## [BRIEF]
Output every entry exactly as written, but omit the pictures.

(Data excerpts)
▶

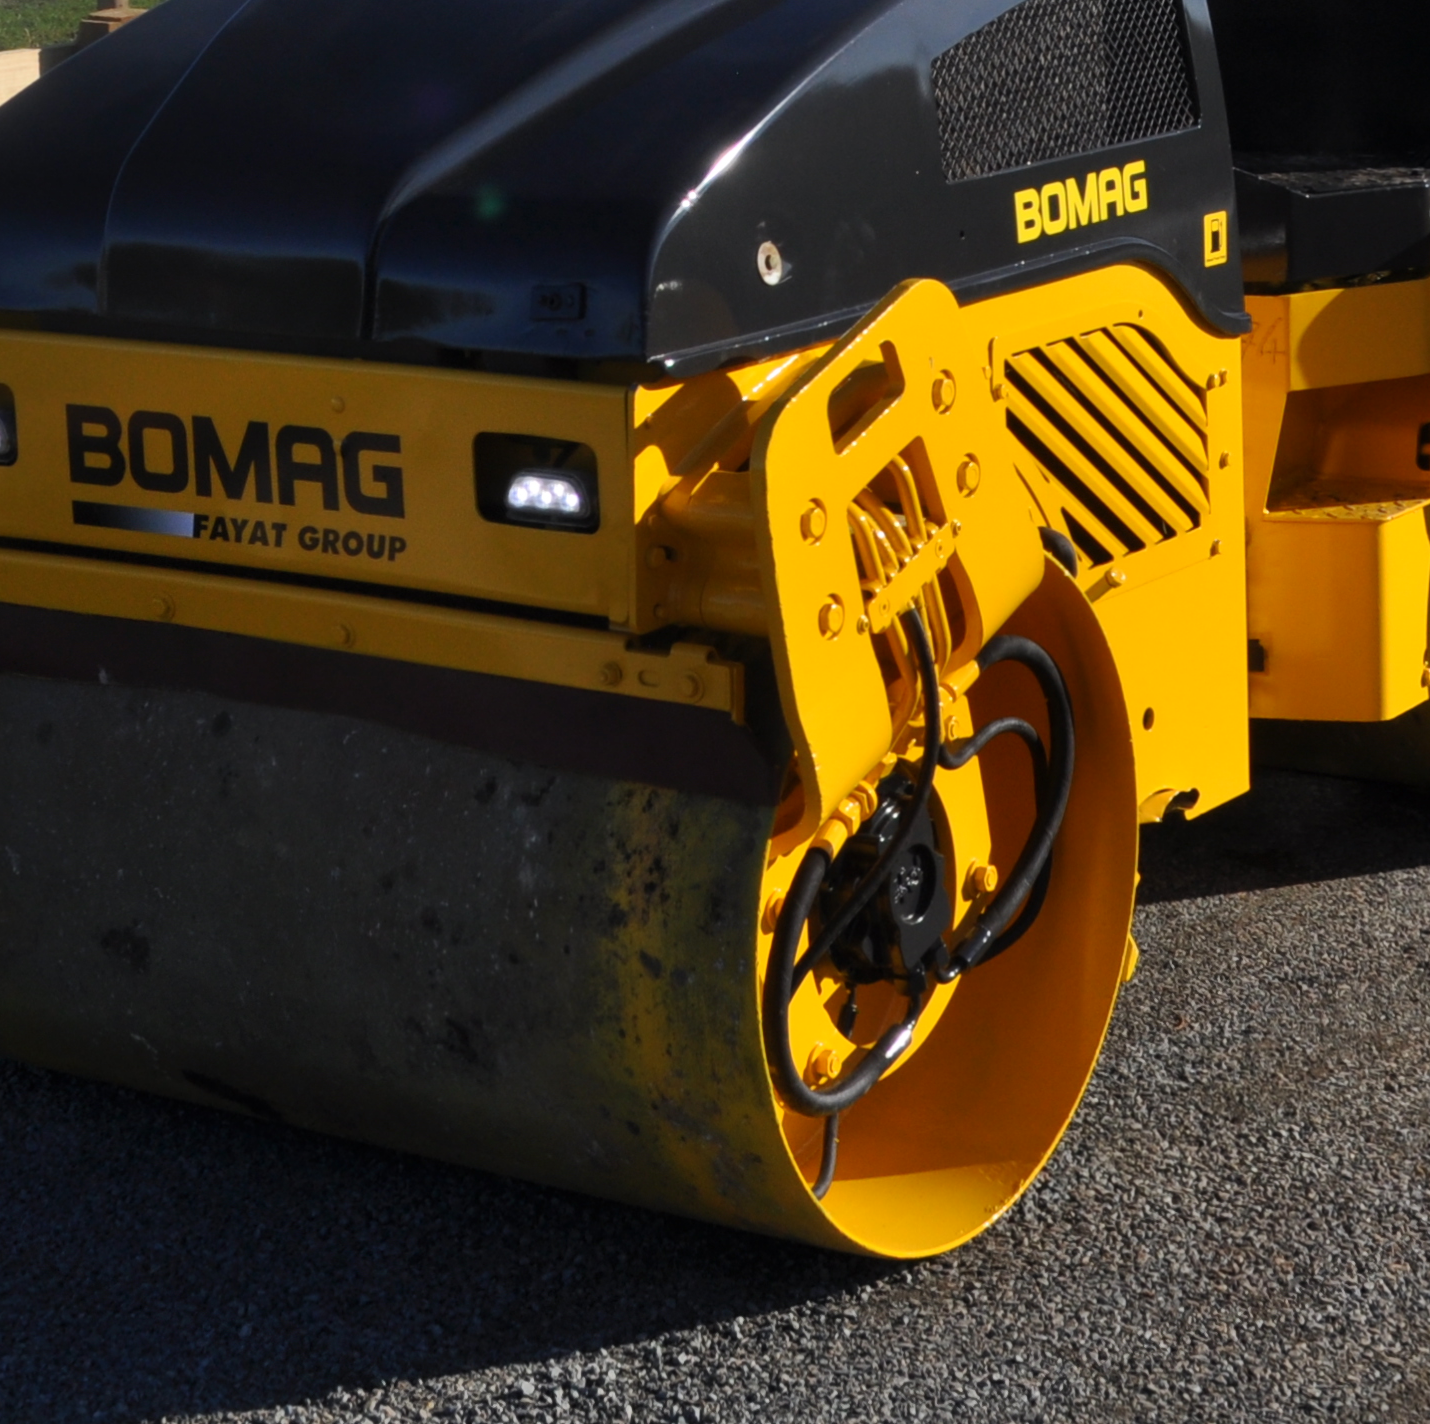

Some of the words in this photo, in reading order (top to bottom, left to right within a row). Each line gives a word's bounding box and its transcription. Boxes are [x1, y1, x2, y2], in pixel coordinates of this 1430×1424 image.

[1014, 159, 1148, 244] BOMAG
[65, 403, 405, 519] BOMAG
[193, 514, 287, 548] FAYAT
[297, 525, 407, 561] GROUP

◀

## [REPLY]
Some of the words in this photo, in reading order (top to bottom, left to right within a row). Each line gives a word's bounding box and its transcription. Boxes are [x1, y1, x2, y2], in pixel coordinates of this 1430×1424 image.

[1014, 159, 1148, 244] BOMAG
[65, 403, 405, 519] BOMAG
[193, 514, 287, 548] FAYAT
[297, 525, 407, 561] GROUP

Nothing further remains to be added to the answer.